In their retrospective study, Jaikish and Sambandam examined 12 patients who received treatment between 2015 and 2018 for neck fractures with displaced scapular bodies. By using a modified Judet technique, scapular fractures were exposed and repaired using either a recon locking plate and screws or a 3.5 mm T buttress. The average age of the study participants was 42 years old. The follow-up period was 33 months on average. The average Murley score and constant were 80. Four patients showed excellent outcomes, seven showed decent results, and one showed a fair result. At the time of the last follow-up, the shoulder’s mean post-operative range of motion was 34° of external rotation, 136° of abduction, and 140° of forward flexion. He came to the conclusion that internal fixation using T buttress locking plates and reconstruction plates produces good functional results for displaced extra-articular scapular fractures ^[14].
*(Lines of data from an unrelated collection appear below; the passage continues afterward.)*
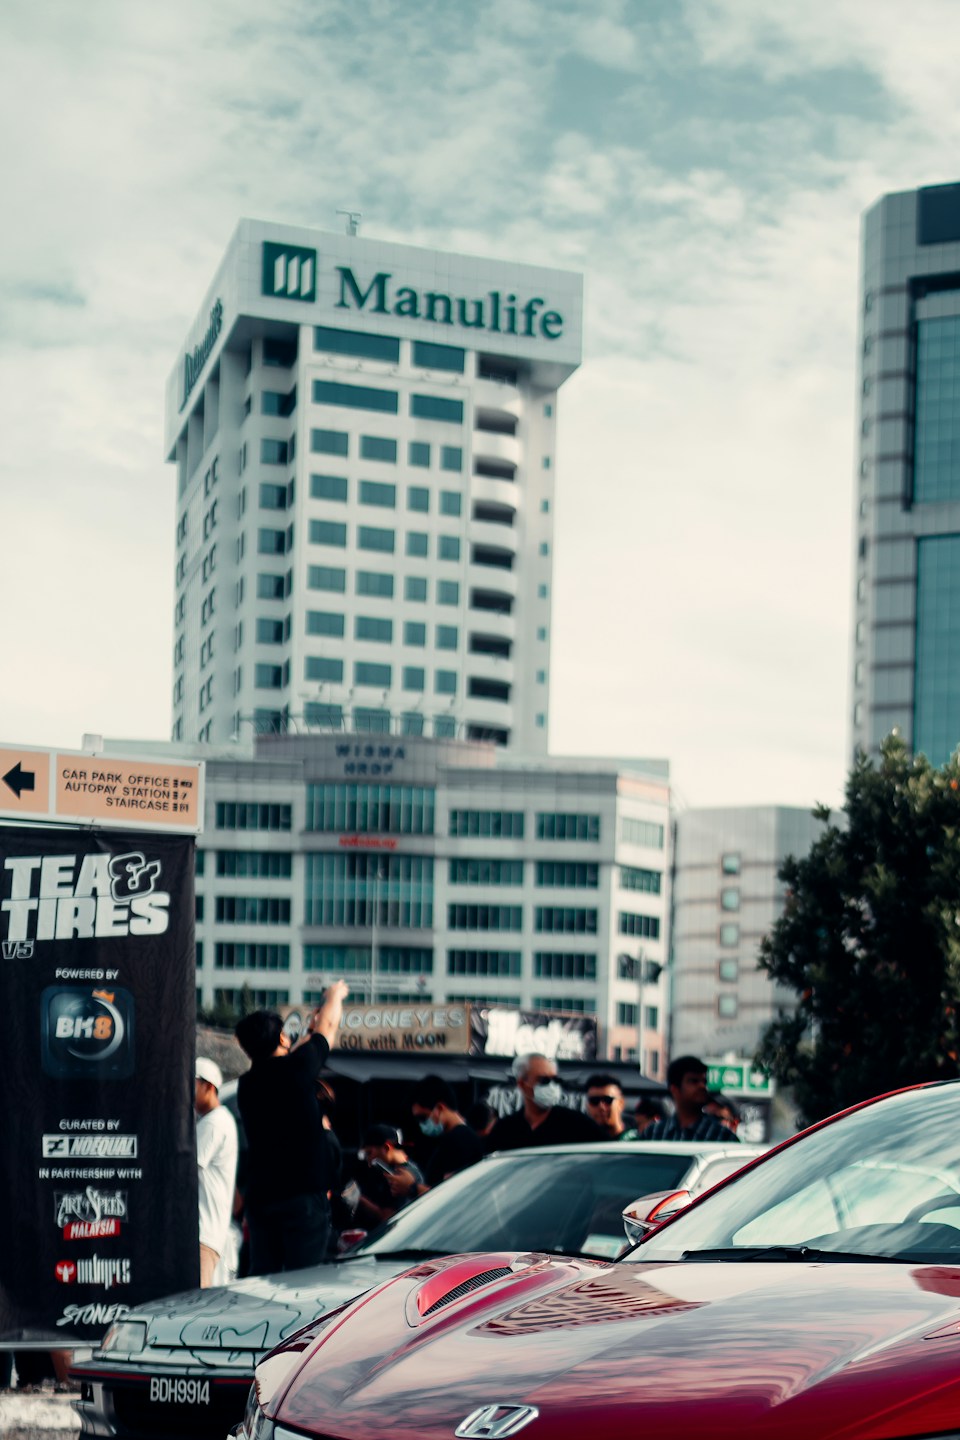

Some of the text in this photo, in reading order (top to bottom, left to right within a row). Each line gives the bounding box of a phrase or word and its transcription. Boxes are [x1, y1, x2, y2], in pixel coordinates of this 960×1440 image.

[335, 266, 563, 340] Manulife
[62, 769, 170, 788] CAR PARK OFFICE
[65, 782, 170, 799] AUTOPAY STATION
[106, 797, 169, 811] STAIRCASE
[4, 853, 113, 900] TEA
[1, 891, 170, 941] TIRES
[55, 967, 120, 980] POWERED BY
[367, 1033, 396, 1050] with
[402, 1033, 446, 1050] MOON
[59, 1118, 120, 1131] CURATED BY
[39, 1168, 142, 1179] IN PARTNERSHIP WITH
[70, 1218, 116, 1239] MALAYSIA
[149, 1377, 210, 1406] BDH9914
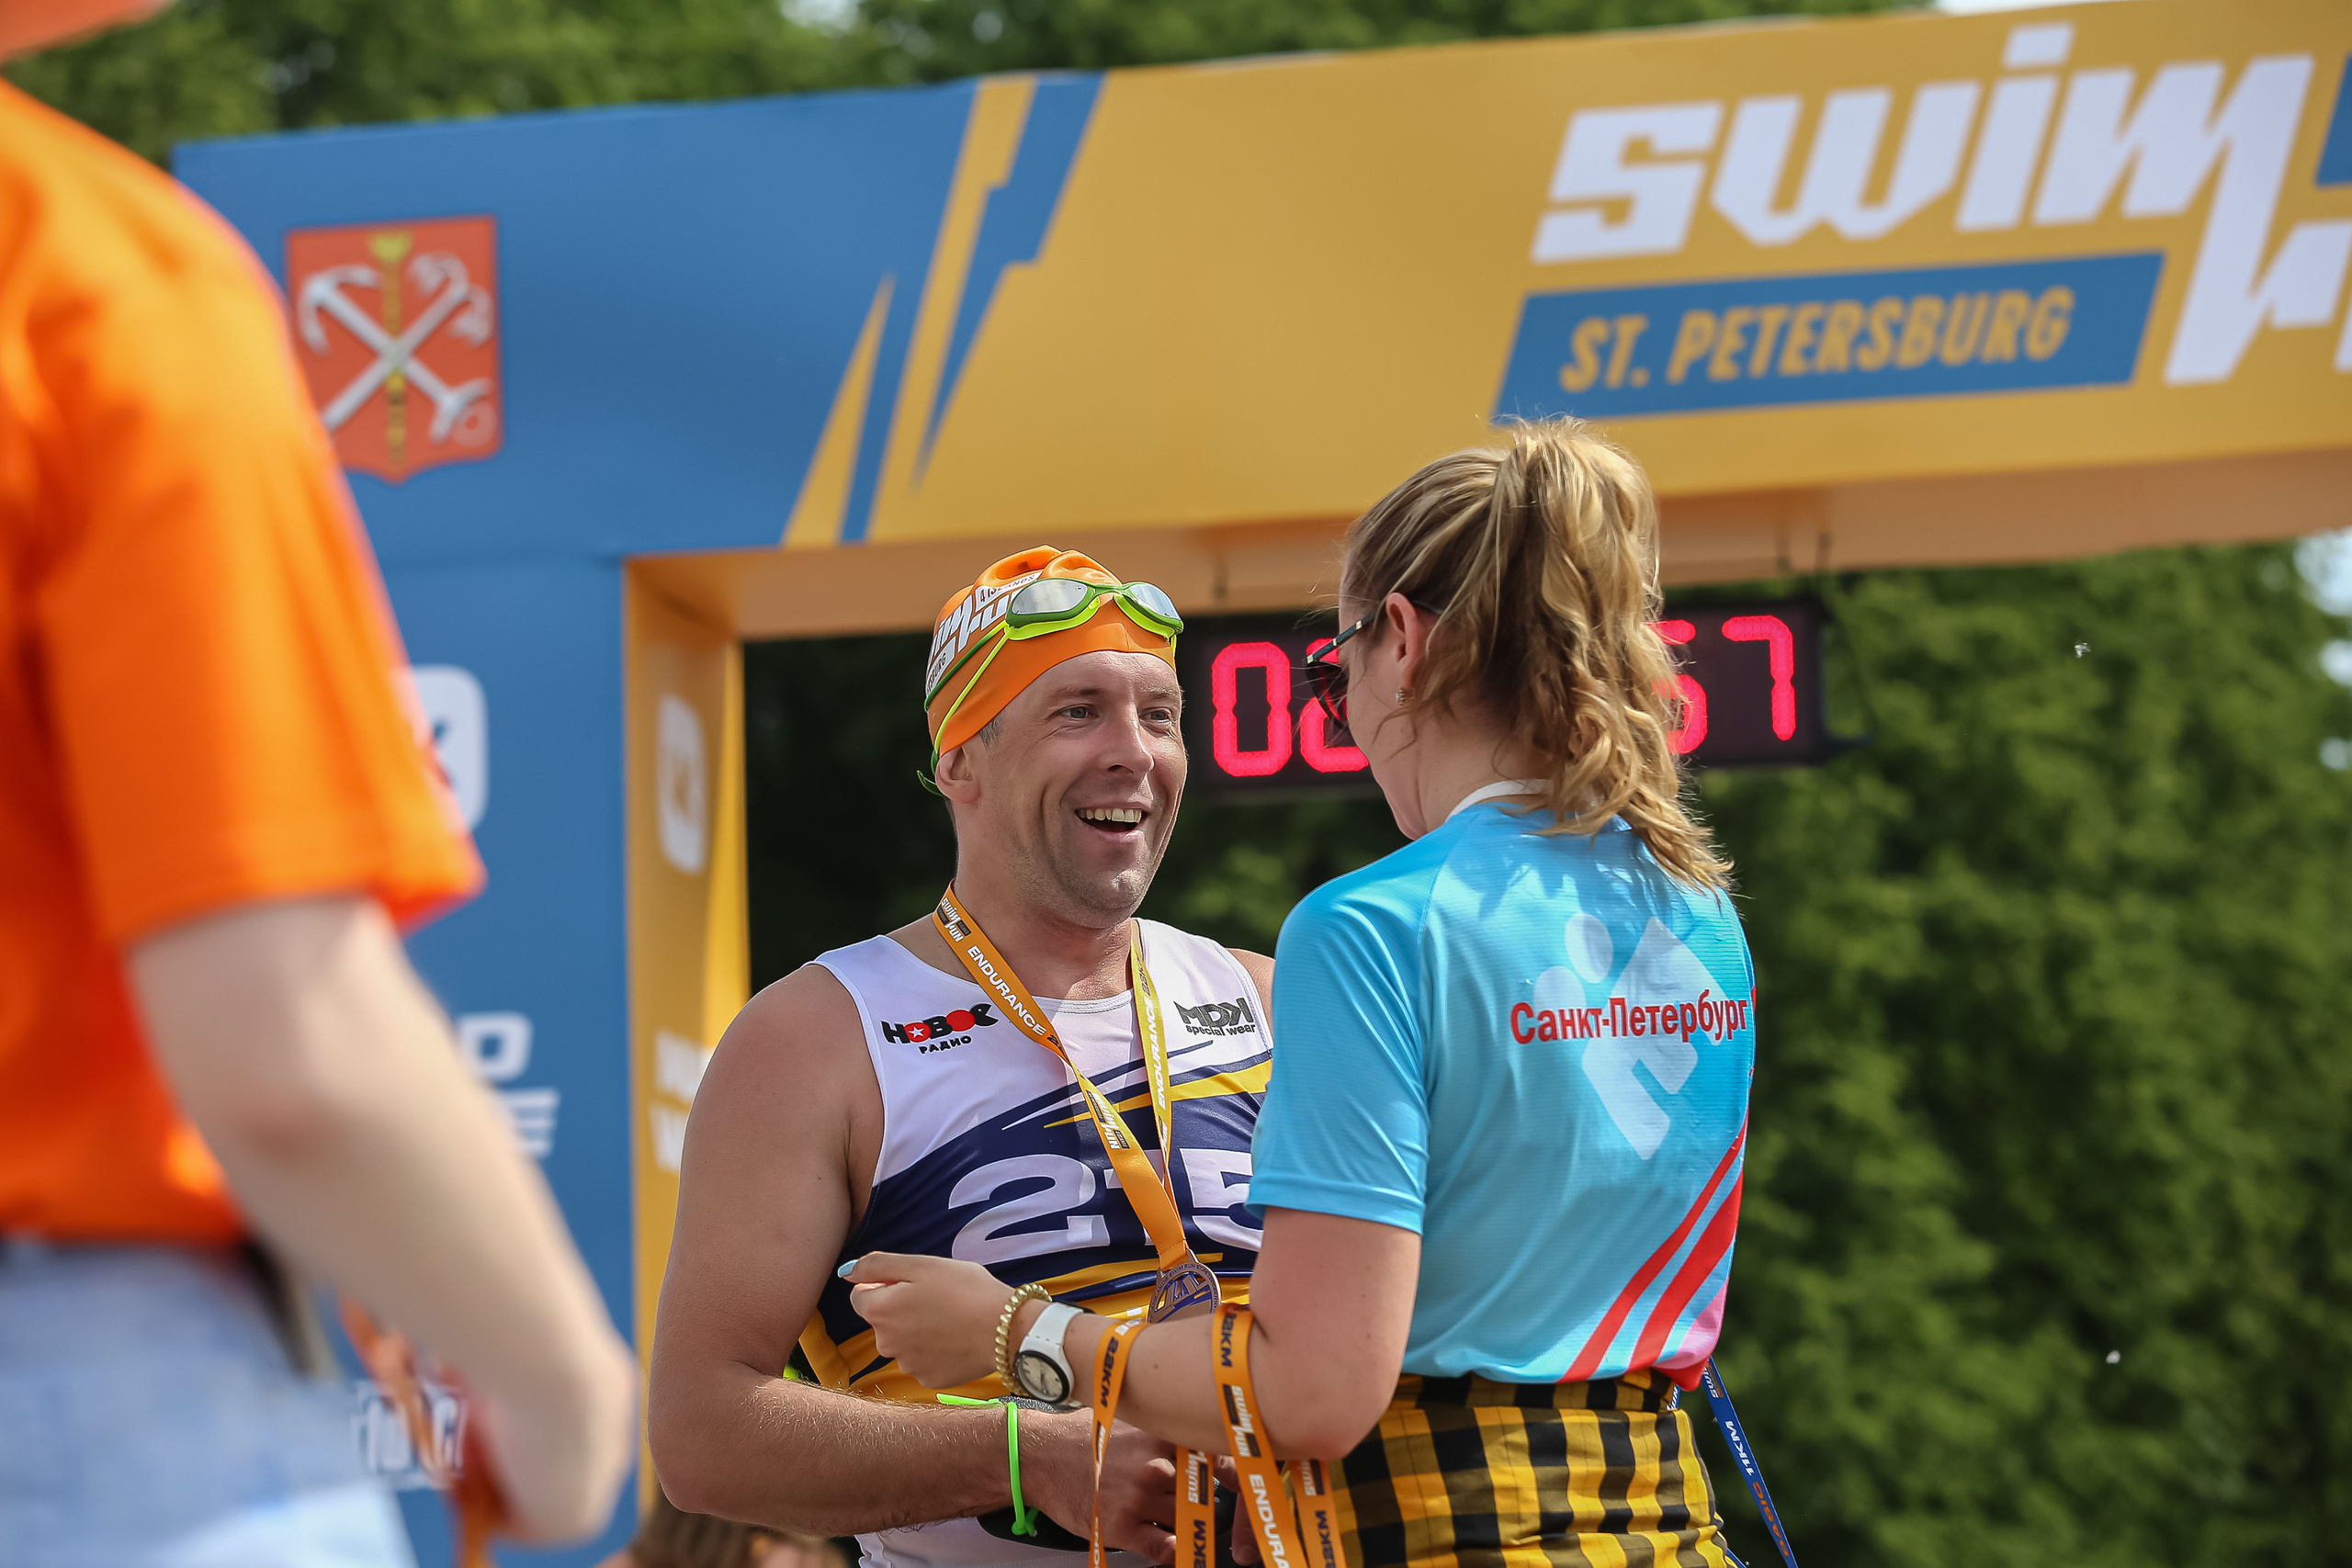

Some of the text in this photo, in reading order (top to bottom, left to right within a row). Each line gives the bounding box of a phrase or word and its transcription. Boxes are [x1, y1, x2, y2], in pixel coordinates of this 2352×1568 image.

[1560, 313, 1649, 393] ST.
[1667, 285, 2076, 386] PETERSBURG
[967, 945, 1046, 1037] ENDURANCE
[1186, 1024, 1256, 1037] special wear
[1510, 989, 1747, 1044] Санкт-Петербург
[1144, 995, 1166, 1111] ENDURANCE
[1725, 1420, 1790, 1557] BASIC 11KM
Isolated scapular fractures are rare fractures, with most of them being treated conservatively. However, fixation is indicated in certain situations, as poor functional results have been reported with conservative treatment in many cases. The modified Judet approach in the open reduction and fixation offers a great exposure of the glenoid neck and lateral column fractures for fixation while causing minimal morbidity and good functional results.

Significantly displaced extraarticular glenoid neck and lateral column fractures need ORIF with anatomically countered plates, and the modified Judet approach provides an excellent exposure of such fracture patterns with minimal morbidity.